Today Intel is announcing some major milestones around OneAPI and its XPU designs. Perhaps the biggest is the launch of its Intel Server GPU. As we previewed at Architecture Day 2020, the first GPU we expect for the data center from Intel is the Xe LP GPU. That is exactly what Intel is showing today and we wanted to highlight.
Intel Server GPU
First off, this is not the high-performance Xe HP or Xe HPC GPU for the data center. Instead, this is a lower-end and lower-power part called the Xe LP GPU that is more along the lines of what is found in mobile solutions. This is for a good reason.
The Intel Server GPU is far from the large GPUs we see from NVIDIA and AMD these days. Here are the package shots we see. We are going to discuss die size in a moment.
Putting one of these on a PCIe card for a server is not necessarily useful given the other solutions already in the market. Instead, Intel is showing a partner solution from H3C. H3C is the server JV from HPE in China. Since these are made for video transcoding, the fact that they have a major Chinese customer makes a lot of sense.
The H3C XG310 utilizes four of the Intel Server GPUs. Each has 8GB of memory for a total of 32GB on the card. One can also see the PLX switch on the card.
Something that is interesting is that the actual die size of the GPU, based on this view, seems on the same order of magnitude as the 8GB memory packages and smaller than the PLX switch package on the board. For some frame of reference, this is much smaller than higher-end GPUs such as the NVIDIA A100 which is to be expected given its low power focus.
The rear is mostly barren. Again, this is a low power card.
Something that gives us a hint that this is a low-power card is simply the form factor. We see a single width cooler. As a result, it is designed to be packed into servers adding many GPUs to a single server.
Intel Server GPU Use Cases
Another hint at how these are being used are the use cases. Intel is touting the ability of OneAPI to move transcoding workloads from the CPU to the array of GPUs. Transcoding is a great example of where having a number of GPUs helps. Intel had the Visual Compute Accelerator where consumer derived systems were added to a PCIe card to get GPU density. Each has its own hardware transcoders so adding more GPUs to a card means more transcoder engines in a system.

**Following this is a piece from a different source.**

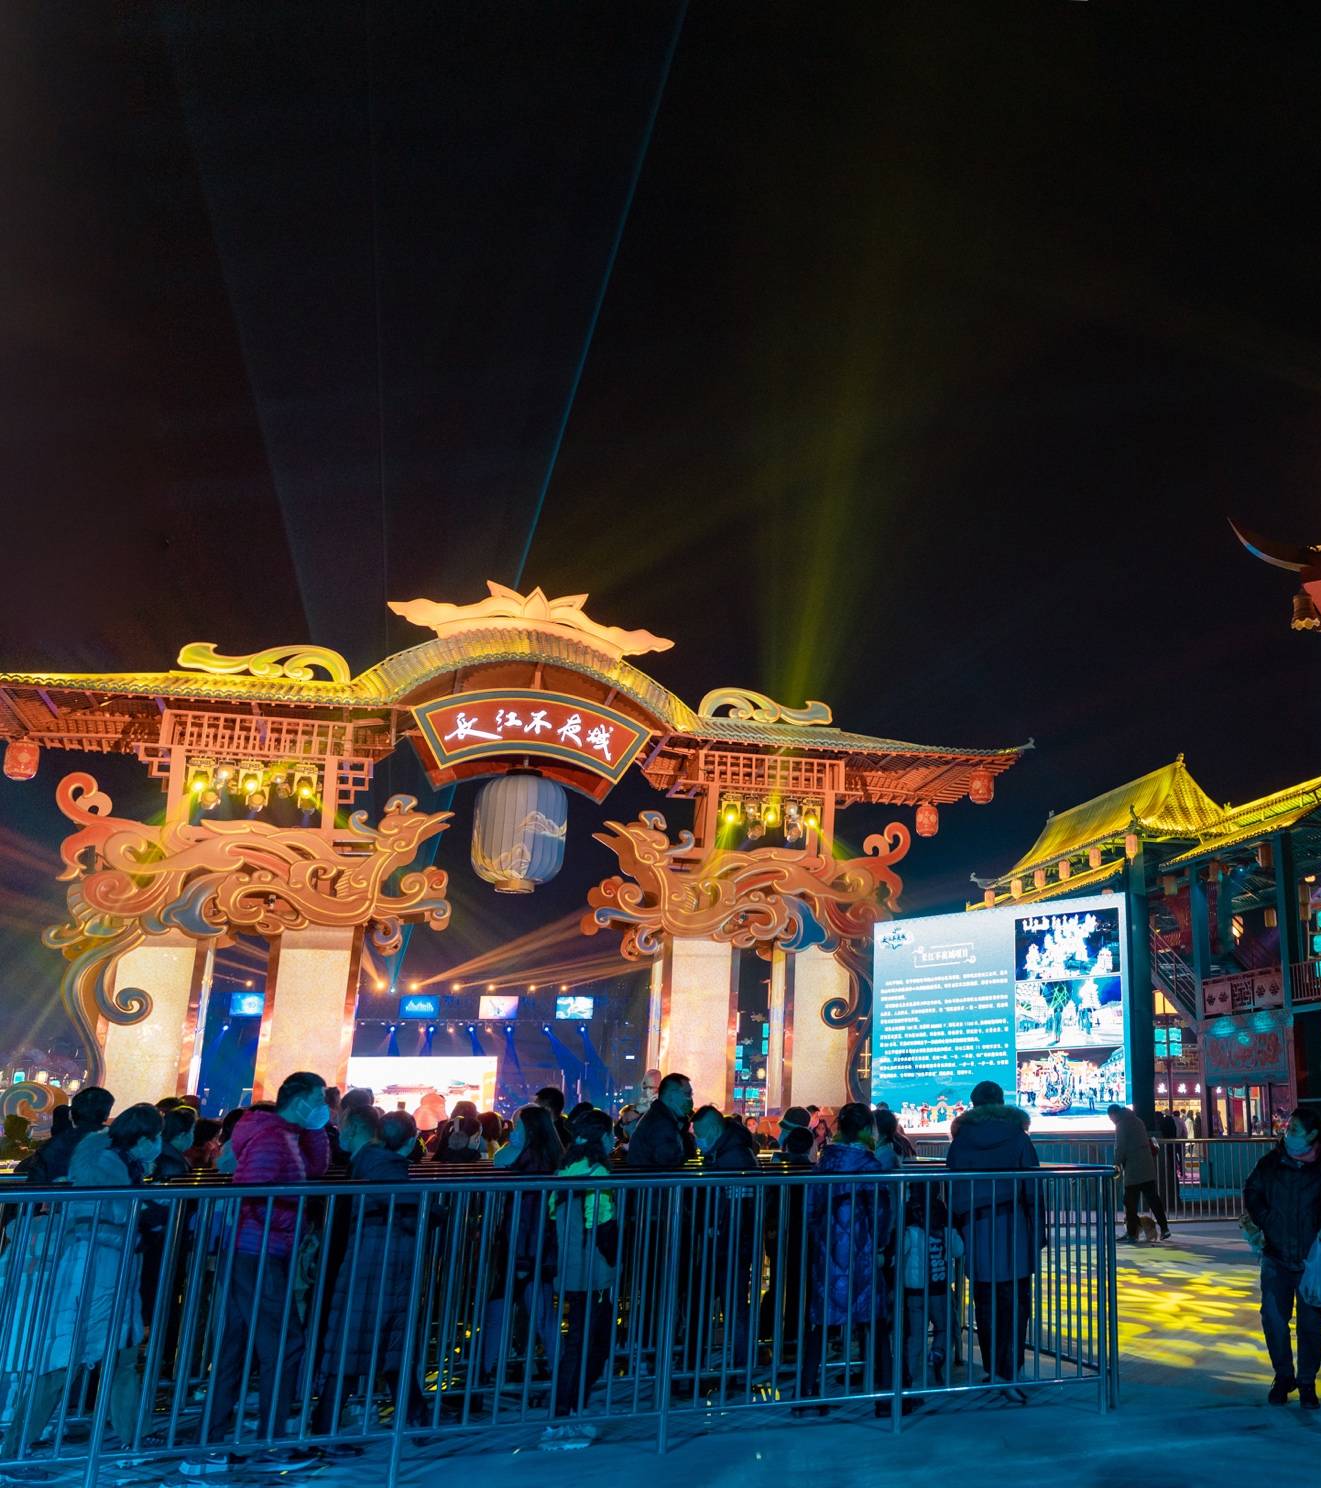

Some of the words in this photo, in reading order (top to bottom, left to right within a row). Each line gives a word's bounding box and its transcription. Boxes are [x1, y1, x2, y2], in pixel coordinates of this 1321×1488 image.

[444, 709, 613, 761] 长江不夜城

On the cloud gaming side, we did our AoA Analysis Marvell ThunderX2 Equals 190 Raspberry Pi 4 discussing the cloud gaming setup. Here Intel has its Android translators to make games run on x86 Xeons. It can then pass the video rendering/ transcoding to the GPUs and support more sessions per server streaming the results to a user.
The somewhat interesting aspect of these workloads is that the competition is not necessarily just NVIDIA and AMD. For example, Broadcom has specialized transcoding chips for a major US hyper-scaler that does a lot of video content delivery.

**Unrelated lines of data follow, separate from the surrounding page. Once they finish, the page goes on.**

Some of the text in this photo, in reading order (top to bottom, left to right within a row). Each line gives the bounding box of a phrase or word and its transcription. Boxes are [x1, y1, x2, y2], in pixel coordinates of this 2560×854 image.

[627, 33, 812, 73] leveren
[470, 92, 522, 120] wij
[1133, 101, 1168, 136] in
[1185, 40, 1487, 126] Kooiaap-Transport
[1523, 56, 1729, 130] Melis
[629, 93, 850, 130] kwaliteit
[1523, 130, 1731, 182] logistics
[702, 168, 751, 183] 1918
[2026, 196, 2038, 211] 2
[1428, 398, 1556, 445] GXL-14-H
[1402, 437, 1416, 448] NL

It is great to see the Intel Server GPU (Xe LP) version out. At the same time, it would have been nice to see examples from other customers. In the China market, there is a huge demand for transcoding given the number of customers that need content delivered via mobile devices. Given the demand in China, India, and other markets, we would have liked to have seen more customers support the new GPU, but it is still early days.
This is certainly a first step and a good one for the industry to have a third GPU player even if it is at a relatively low-end of the market. Using OneAPI, Intel has the potential to build upon this foundation with new higher-end GPUs or different types of processors.

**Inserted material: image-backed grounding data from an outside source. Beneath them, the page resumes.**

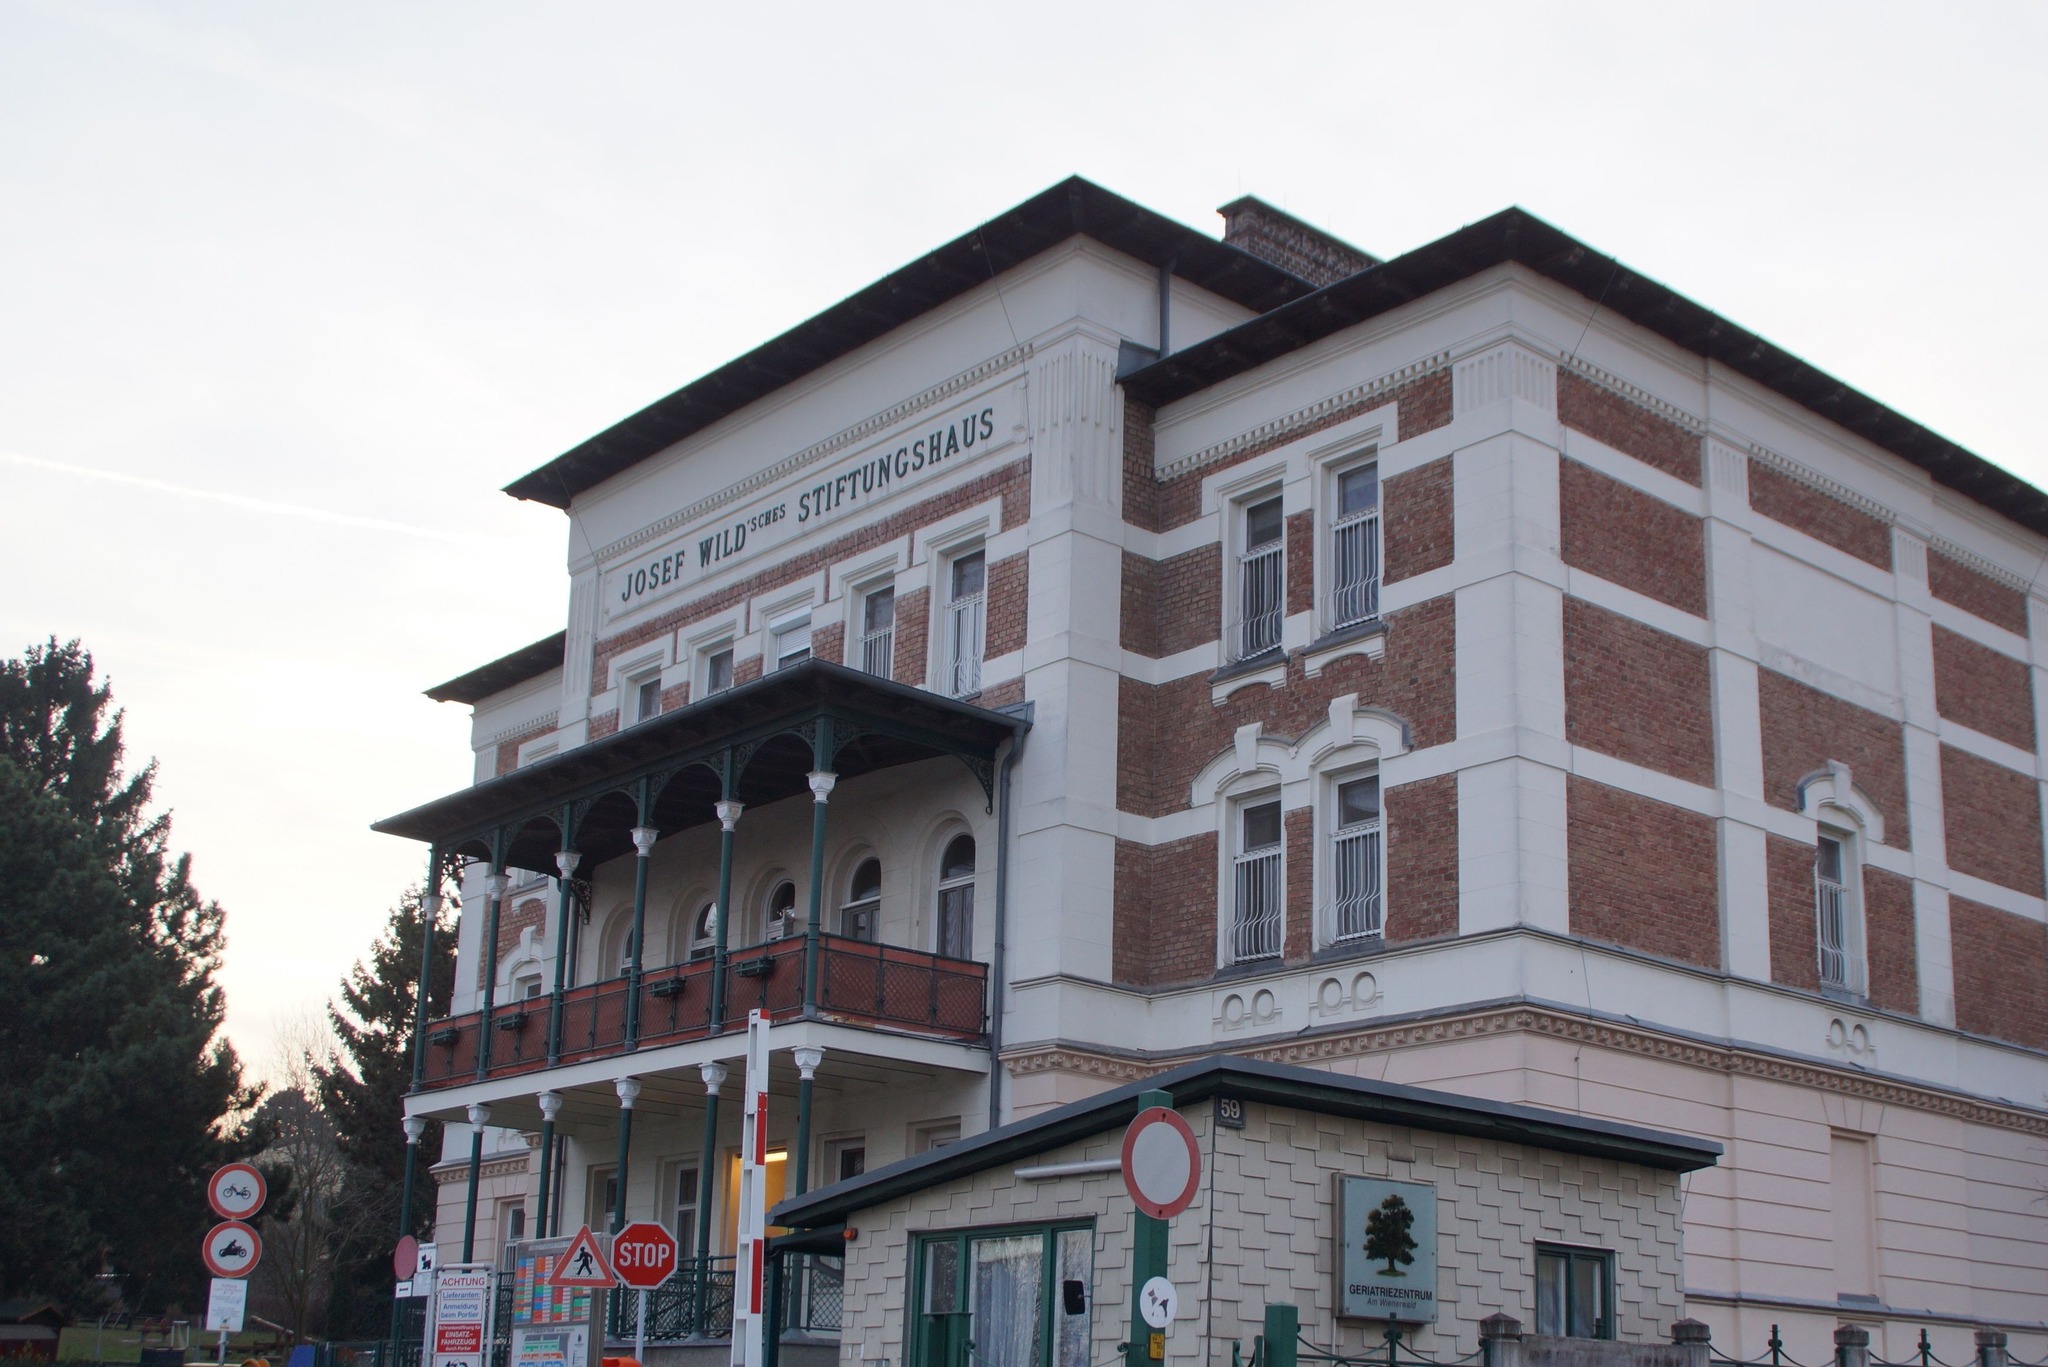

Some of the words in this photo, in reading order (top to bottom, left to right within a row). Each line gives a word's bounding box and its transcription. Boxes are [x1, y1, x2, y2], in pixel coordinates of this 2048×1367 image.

[621, 549, 686, 602] JOSEF
[798, 407, 994, 523] STIFTUNGSHAUS
[1220, 1098, 1240, 1119] 59
[619, 1241, 670, 1268] STOP
[441, 1277, 485, 1287] ACHTUNG
[442, 1291, 481, 1299] Lieferanten:
[1349, 1284, 1433, 1301] GERIATRIEZENTRUM
[443, 1303, 479, 1311] Anmeldung
[1367, 1297, 1378, 1306] Am
[1379, 1299, 1417, 1309] Wienerwald
[440, 1338, 477, 1346] FAHRZEUGE

How much does it cost?, if it costs about 1500€ it will be mine
Wonder if this will work with Plex for transcoding when it comes out as a “intel GPU”. Currently using an Nvidia P2200 for transcoding, if this is better/faster/lower power, it might be a win.
“We are going to discuss die size in a moment.”… but where?
Is that plate screwed to the back of the card the only means of cooling, or does cooled air get forced down through the slot in the top?
I’m curious about the pcie switch chip. The DG1 version of this GPU had four lanes of PCIE4, while this particular board is described as having 16 lanes of PCIE3.
Does this version of the SG1 chip only support PCIE3, or is the PCIE3 limitation being created by the PCIE switch?
Also, is the PCIE switch only being used for retiming or is it being used somehow to switch among GPUs? If it is switching among GPUs, does that imply that there are more than 4 lanes of PCIE per GPU?
the board info lists “passive” for thermal.